*What needs to be done*: Your task is to reproduce the listing exactly, without its images.

═══ Provided records ═══

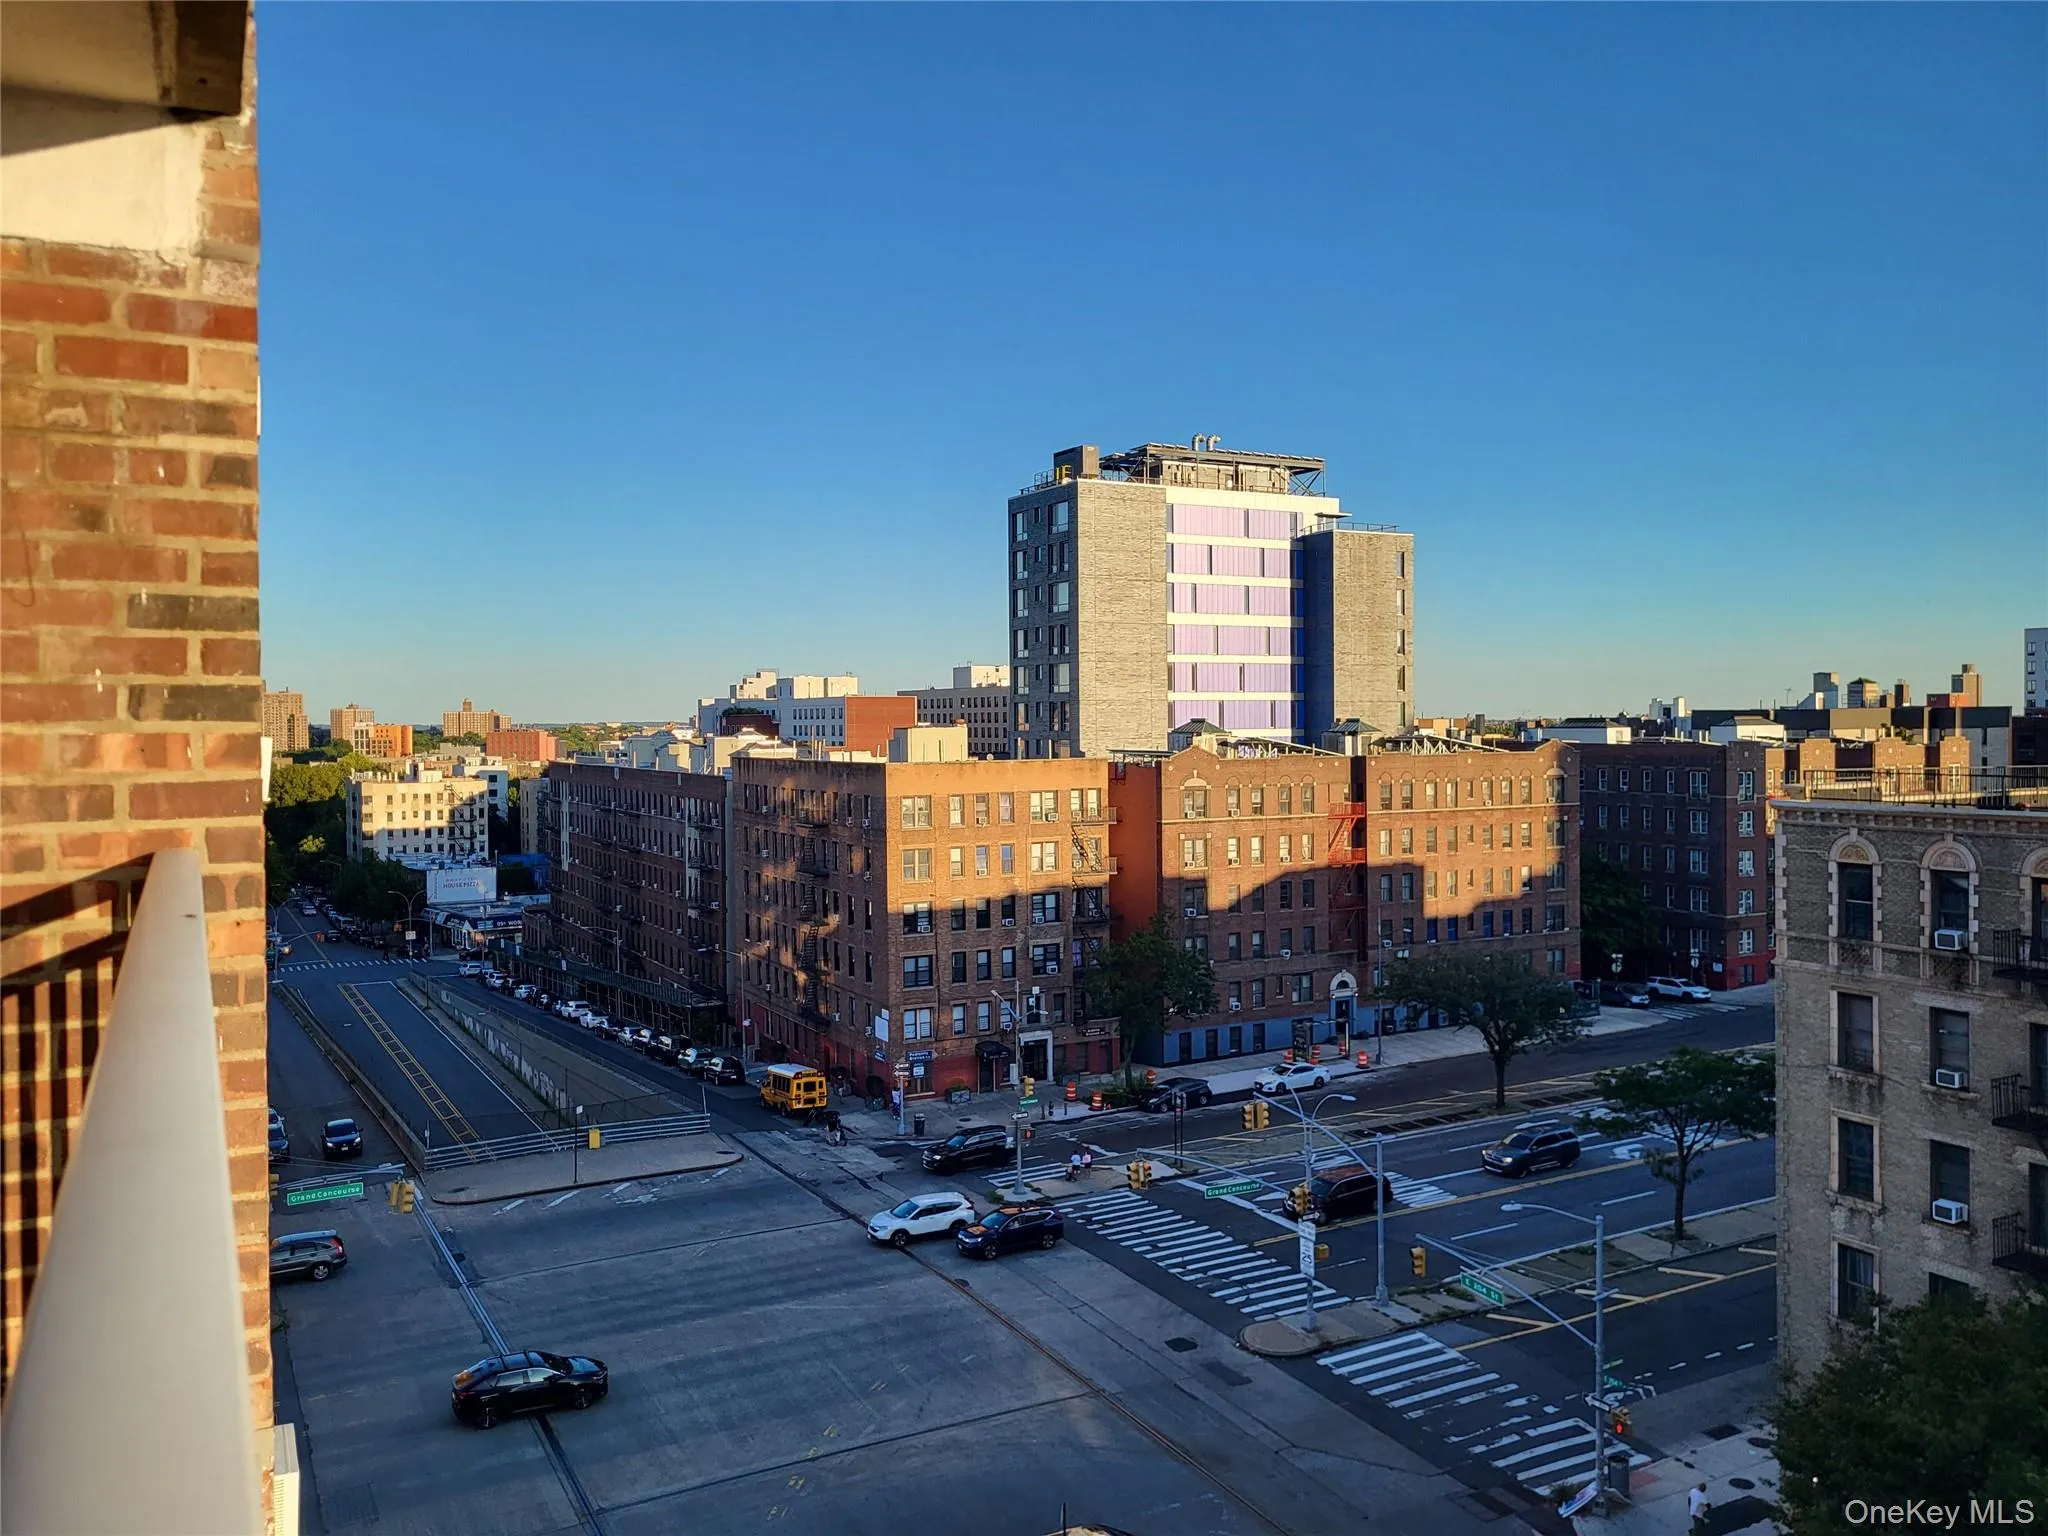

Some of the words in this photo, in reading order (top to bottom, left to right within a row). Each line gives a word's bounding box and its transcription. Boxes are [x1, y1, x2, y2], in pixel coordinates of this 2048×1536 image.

[291, 1193, 316, 1202] Grand
[317, 1187, 360, 1198] Concourse
[1207, 1187, 1227, 1196] Grand
[1227, 1183, 1260, 1193] Concourse
[1301, 1252, 1312, 1264] 25

═══

*Reply to the exercise*:
Some of the words in this photo, in reading order (top to bottom, left to right within a row). Each line gives a word's bounding box and its transcription. Boxes are [x1, y1, x2, y2], in pixel coordinates of this 2048×1536 image.

[291, 1193, 316, 1202] Grand
[317, 1187, 360, 1198] Concourse
[1207, 1187, 1227, 1196] Grand
[1227, 1183, 1260, 1193] Concourse
[1301, 1252, 1312, 1264] 25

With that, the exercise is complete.